Efficiency and Effectiveness of LLM-Based Summarization of Evidence in Crowdsourced Fact-Checking
Kevin Roitero, Dustin Wright, Michael Soprano, Isabelle Augenstein,, and Stefano Mizzaro

TL;DR
This study shows that using LLM-generated summaries of evidence in crowdsourced fact-checking maintains accuracy while significantly improving efficiency and reducing costs.
Contribution
It introduces and evaluates a summarization-based approach for evidence in crowdsourced fact-checking, demonstrating its effectiveness and efficiency benefits.
Findings
Summarized evidence achieves comparable accuracy to full evidence.
Summarization increases assessment throughput and reduces costs.
Participants find summarized evidence useful and reliable.
Abstract
Evaluating the truthfulness of online content is critical for combating misinformation.

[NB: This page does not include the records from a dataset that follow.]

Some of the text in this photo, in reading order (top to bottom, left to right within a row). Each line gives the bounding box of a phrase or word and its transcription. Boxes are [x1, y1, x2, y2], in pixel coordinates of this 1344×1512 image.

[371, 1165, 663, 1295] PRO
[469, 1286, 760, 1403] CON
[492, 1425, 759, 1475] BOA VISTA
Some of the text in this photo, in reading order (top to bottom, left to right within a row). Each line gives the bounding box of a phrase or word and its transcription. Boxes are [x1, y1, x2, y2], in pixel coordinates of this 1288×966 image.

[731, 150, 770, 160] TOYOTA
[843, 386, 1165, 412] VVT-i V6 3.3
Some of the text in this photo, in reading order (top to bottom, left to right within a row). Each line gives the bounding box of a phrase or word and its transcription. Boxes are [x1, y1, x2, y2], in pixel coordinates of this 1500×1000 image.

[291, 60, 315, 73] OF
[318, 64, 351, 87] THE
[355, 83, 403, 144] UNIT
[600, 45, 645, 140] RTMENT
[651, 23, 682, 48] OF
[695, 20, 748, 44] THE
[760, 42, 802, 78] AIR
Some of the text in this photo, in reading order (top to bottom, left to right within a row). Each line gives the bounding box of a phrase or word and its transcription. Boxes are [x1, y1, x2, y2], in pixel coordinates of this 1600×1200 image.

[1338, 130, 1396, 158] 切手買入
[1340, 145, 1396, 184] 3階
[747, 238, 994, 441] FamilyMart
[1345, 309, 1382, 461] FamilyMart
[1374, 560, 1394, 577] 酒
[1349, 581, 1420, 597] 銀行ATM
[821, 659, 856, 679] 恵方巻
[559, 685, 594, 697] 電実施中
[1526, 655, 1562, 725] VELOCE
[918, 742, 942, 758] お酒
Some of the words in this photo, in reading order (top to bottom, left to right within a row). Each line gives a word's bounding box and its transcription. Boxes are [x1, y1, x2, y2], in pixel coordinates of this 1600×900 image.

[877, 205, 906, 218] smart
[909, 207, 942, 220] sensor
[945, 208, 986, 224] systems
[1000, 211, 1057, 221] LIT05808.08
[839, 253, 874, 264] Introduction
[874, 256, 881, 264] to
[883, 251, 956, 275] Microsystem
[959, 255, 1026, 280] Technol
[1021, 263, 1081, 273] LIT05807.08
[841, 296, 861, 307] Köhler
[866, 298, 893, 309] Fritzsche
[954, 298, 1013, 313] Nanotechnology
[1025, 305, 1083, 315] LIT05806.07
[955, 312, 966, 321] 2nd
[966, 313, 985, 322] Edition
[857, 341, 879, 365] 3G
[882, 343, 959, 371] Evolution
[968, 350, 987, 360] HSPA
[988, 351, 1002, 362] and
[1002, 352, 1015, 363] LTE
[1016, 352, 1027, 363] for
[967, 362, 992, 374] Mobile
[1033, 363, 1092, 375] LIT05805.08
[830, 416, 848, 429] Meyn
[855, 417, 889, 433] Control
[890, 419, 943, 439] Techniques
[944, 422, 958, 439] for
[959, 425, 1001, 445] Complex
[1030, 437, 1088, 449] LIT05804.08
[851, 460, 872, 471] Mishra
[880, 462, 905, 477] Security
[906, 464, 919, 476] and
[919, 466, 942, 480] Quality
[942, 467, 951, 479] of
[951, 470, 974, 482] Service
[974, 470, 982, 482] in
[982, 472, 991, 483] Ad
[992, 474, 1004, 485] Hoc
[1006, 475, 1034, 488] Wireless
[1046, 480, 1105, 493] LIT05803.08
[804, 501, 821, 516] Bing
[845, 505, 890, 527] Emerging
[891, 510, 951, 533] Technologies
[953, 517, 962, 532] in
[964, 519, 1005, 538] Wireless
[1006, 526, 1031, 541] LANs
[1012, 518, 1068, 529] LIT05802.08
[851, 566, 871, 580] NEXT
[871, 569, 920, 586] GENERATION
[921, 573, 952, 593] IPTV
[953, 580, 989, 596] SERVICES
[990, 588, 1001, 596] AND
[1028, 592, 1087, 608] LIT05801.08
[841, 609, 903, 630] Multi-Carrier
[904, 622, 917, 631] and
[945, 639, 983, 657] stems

This study examines the efficiency and effectiveness of crowdsourced truthfulness assessments through a comparative analysis of two approaches: one involving full-length webpages as evidence for each claim, and another using summaries for each evidence document generated with a large language model. Using an A/B testing setting, we engage a diverse pool of participants tasked with evaluating the truthfulness of statements under these conditions. Our analysis explores both the quality of assessments and the behavioral patterns of participants. The results reveal that relying on summarized evidence offers comparable accuracy and error metrics to the Standard modality while significantly improving efficiency. Workers in the Summary setting complete a significantly higher number of assessments, reducing…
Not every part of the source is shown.